* **Task prompt**: Transcribe the entries exactly as given and skip whatever images they hold.

* **Records supplied**:
..............................

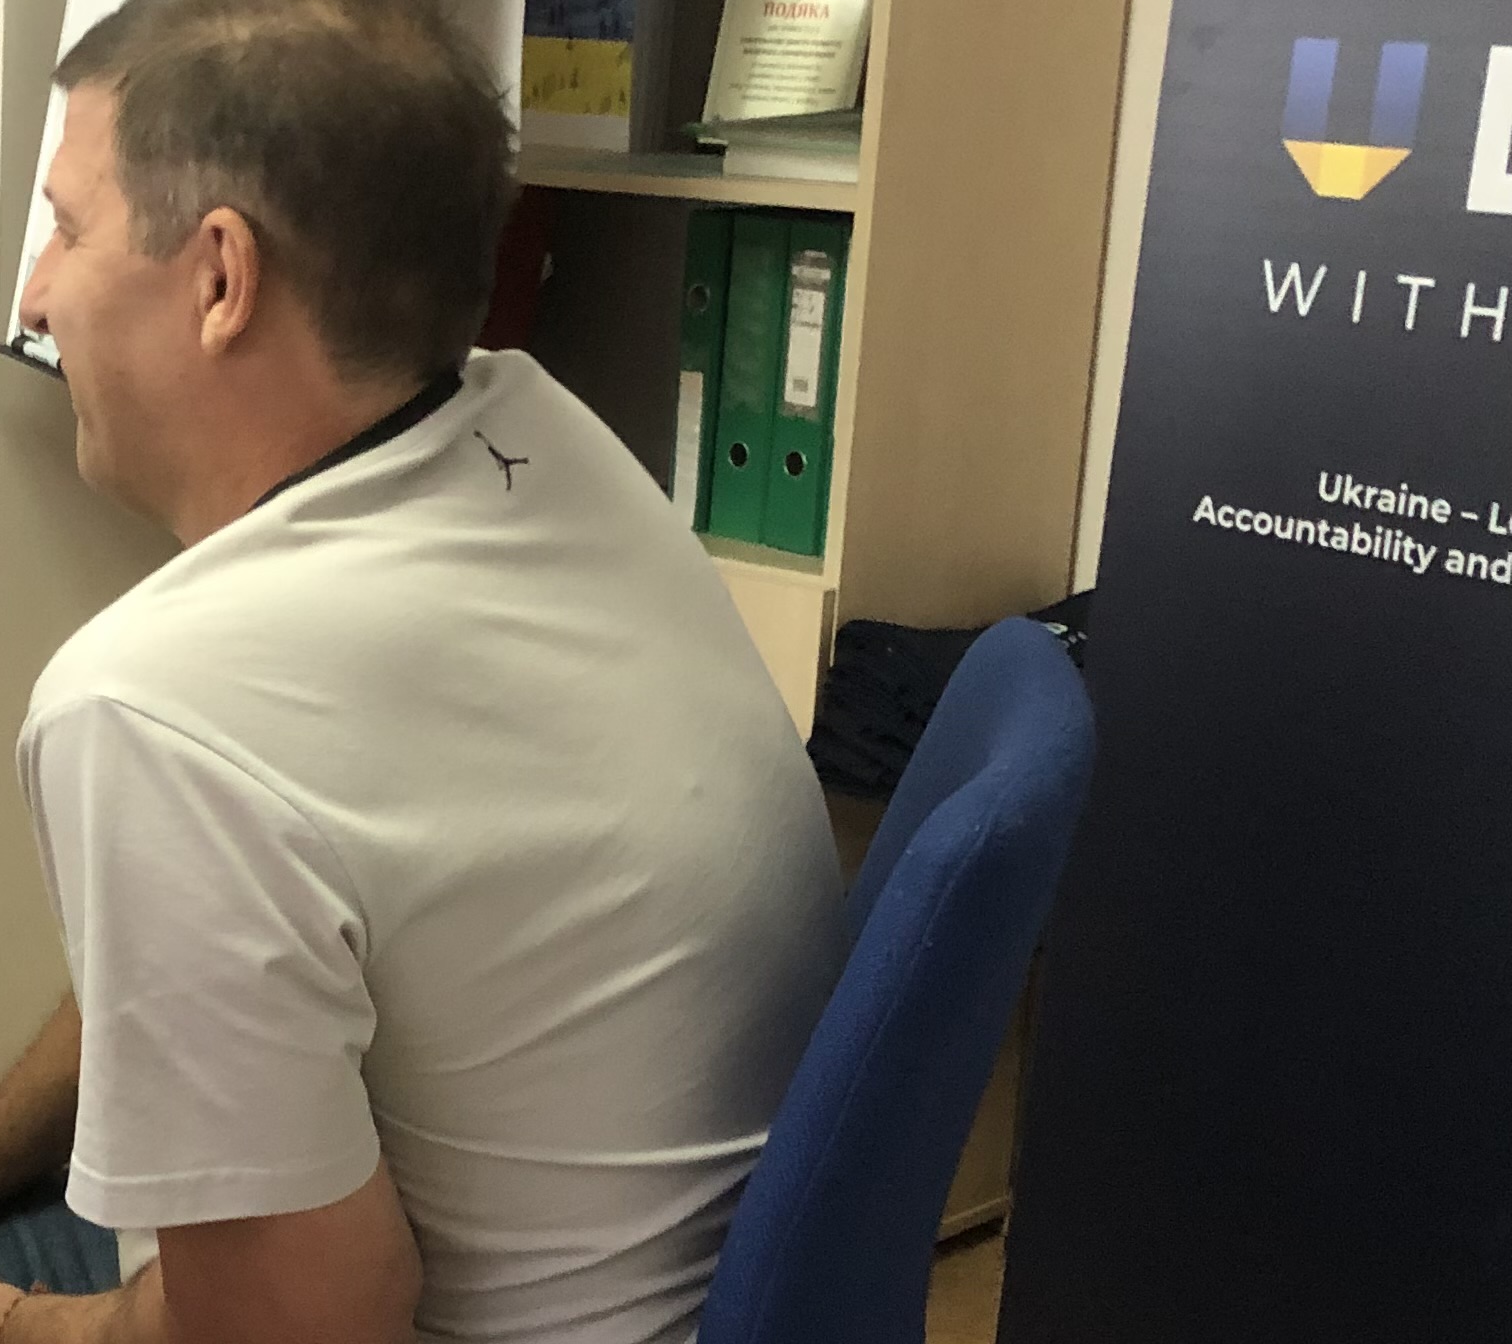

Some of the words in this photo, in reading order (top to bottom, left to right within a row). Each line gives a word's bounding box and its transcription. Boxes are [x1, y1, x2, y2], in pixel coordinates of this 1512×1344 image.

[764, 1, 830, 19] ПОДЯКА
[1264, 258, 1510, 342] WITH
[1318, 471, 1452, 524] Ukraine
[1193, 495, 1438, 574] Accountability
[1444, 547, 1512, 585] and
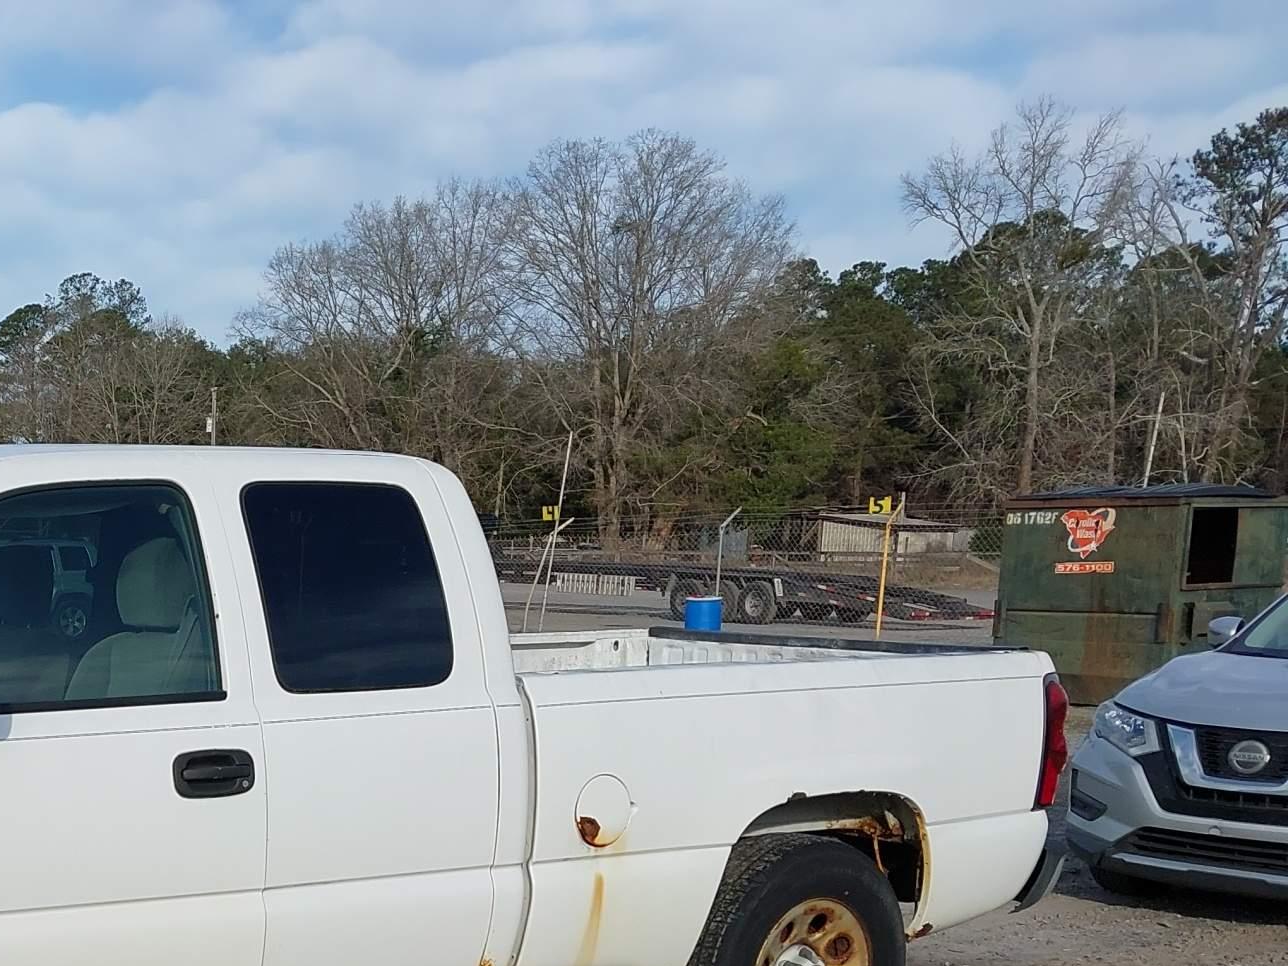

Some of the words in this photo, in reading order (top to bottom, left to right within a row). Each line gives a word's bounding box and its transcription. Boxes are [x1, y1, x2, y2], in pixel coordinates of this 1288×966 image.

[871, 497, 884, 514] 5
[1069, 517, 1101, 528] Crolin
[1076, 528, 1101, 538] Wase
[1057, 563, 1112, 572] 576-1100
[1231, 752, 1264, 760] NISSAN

..............................

* **Answer to the exercise**:
Some of the words in this photo, in reading order (top to bottom, left to right within a row). Each line gives a word's bounding box and its transcription. Boxes are [x1, y1, x2, y2], in pixel coordinates of this 1512×1344 image.

[764, 1, 830, 19] ПОДЯКА
[1264, 258, 1510, 342] WITH
[1318, 471, 1452, 524] Ukraine
[1193, 495, 1438, 574] Accountability
[1444, 547, 1512, 585] and

Some of the words in this photo, in reading order (top to bottom, left to right within a row). Each line gives a word's bounding box and its transcription. Boxes are [x1, y1, x2, y2], in pixel coordinates of this 1288×966 image.

[871, 497, 884, 514] 5
[1069, 517, 1101, 528] Crolin
[1076, 528, 1101, 538] Wase
[1057, 563, 1112, 572] 576-1100
[1231, 752, 1264, 760] NISSAN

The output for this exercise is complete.